Die in Schönheit strahlende Prinzessin öffnete ihren Mund und begann zu erzählen:

O ihr Jünglinge, meine Freunde, wisset, daß ich die Tochter eines Königs bin! Als einziges Kind meines Vaters verschwendete er an mich all seine Zärtlichkeit, die aber für mein Gefolge harte Strenge hieß. Auf meinen Wunsch ließ er im Park einen Palast bauen. In meinen Diensten standen Eunuchen und eine Leibwache. Meine Jugend war ungetrübt, ich wurde verwöhnt, jeder meiner kindlichen Wünsche fand Erfüllung. So führte ich ein heiteres, ungetrübtes Dasein bis zu dem Augenblicke, wo mir der Einfall kam, das öffentliche Bad aufzusuchen. In einer vergoldeten Sänfte, von vier Maultieren getragen und umgeben von meinem Gefolge, machte ich mich auf den Weg dahin. Als wir unterwegs an dem Bazar vorbei mußten, betrachtete ich mit Vergnügen das allgemeine Treiben. An einer Kreuzung gewahrte ich plötzlich in der Gasse der Tuchmacher einen Jüngling, dessen Schönheit die Umgebung erhellte. Kaum traf ihn mein Blick, als ich auch schon der Liebe verfiel. Meine heitere Ruhe war verjagt; schon als man mich, beim Bade angelangt, aus der Sänfte hob, war mein Gesicht von Tränen entstellt.
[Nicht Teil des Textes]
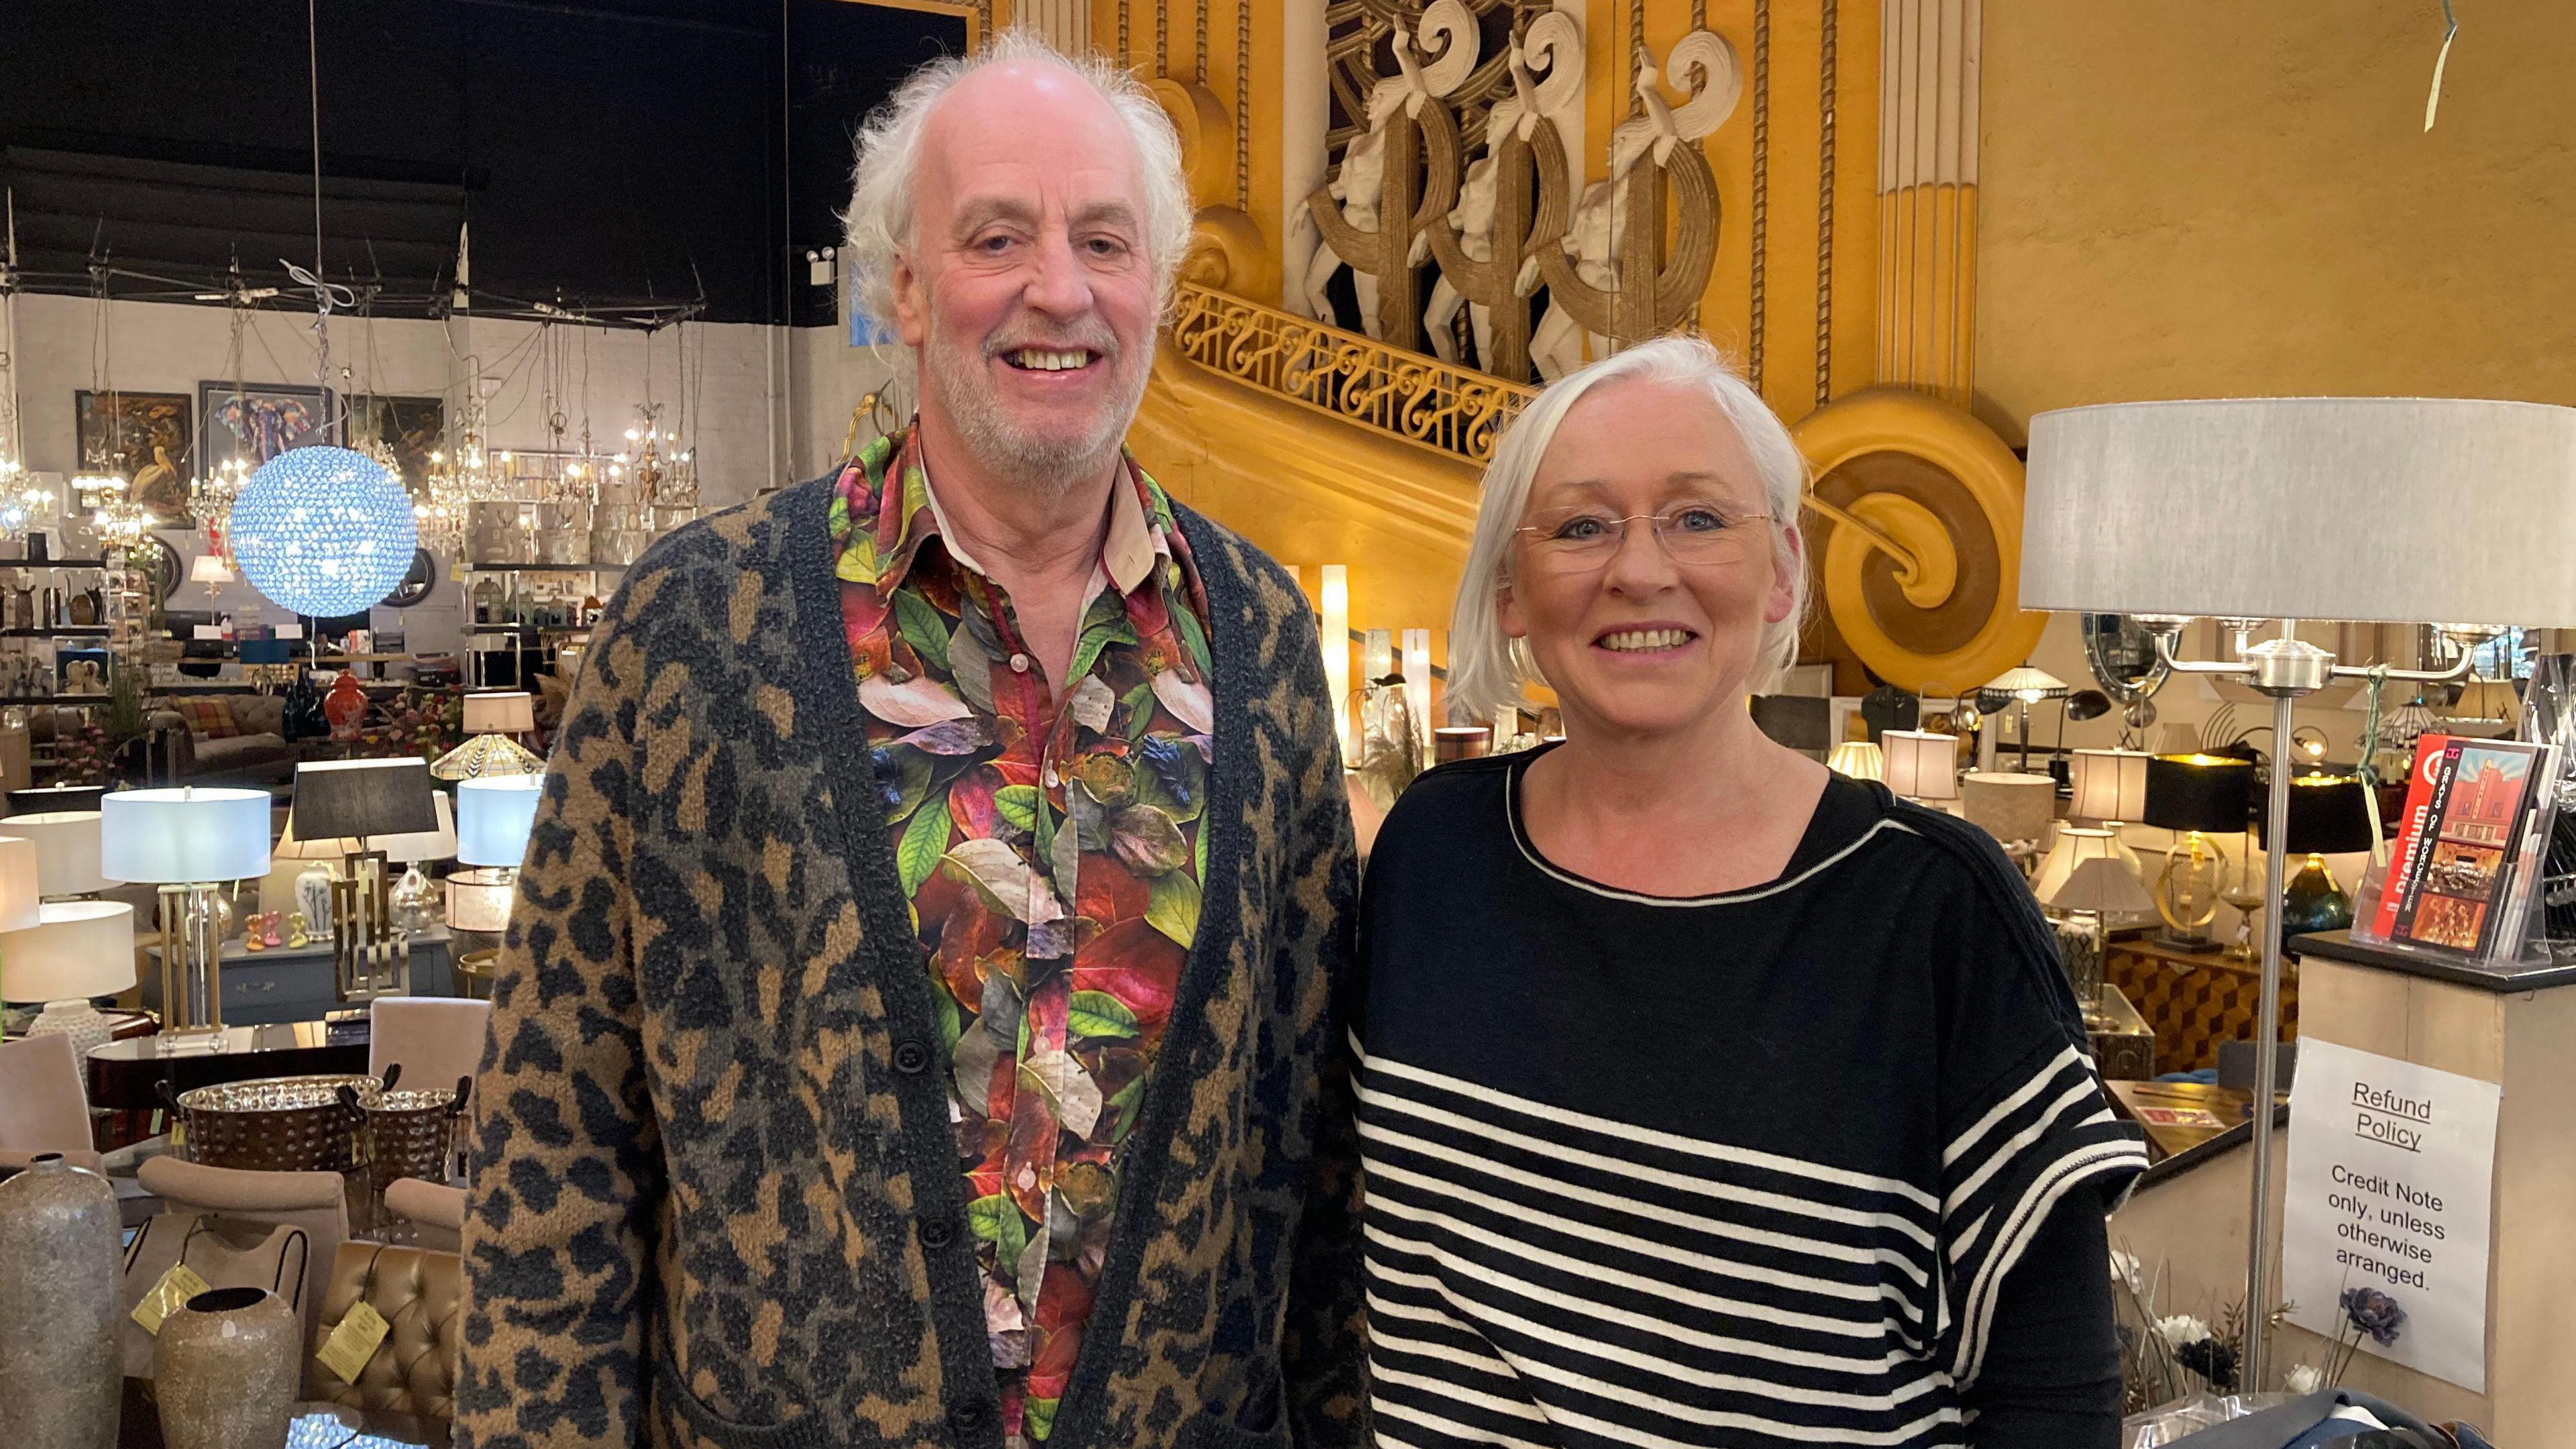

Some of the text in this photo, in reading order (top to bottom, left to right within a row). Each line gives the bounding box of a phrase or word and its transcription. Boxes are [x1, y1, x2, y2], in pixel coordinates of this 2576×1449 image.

Ich erfand für meine erstaunte Begleitung tausend Vorwände, die meinen Zustand verständlich machen sollten. Endlich drang ich darauf, daß man umkehrte, aber nun ließ ich meine Sänfte nicht mehr von Maultieren tragen, sondern von Sklaven. Diese bekamen noch von mir den Befehl, recht vorsichtig und langsam zu gehen. Für die anderen sollte das Schaukeln der Sänfte der Grund meiner Verstörung sein.

Nun konnte ich ganz aus der Nähe mich an ihm satt sehen. Er war ein noch recht junger Bursche mit flaumigem Bart, schwarzen Locken, die metallisch glänzten. »Niemand, niemand,« so sagte ich mir, »weiß, wie mir zu Mute ist!« Zu Hause angelangt, übermannte mich die Verwirrung, ich war unfähig, meinen Zustand zu verbergen. Meine schweren Seufzer weckten die Besorgnisse meiner Amme.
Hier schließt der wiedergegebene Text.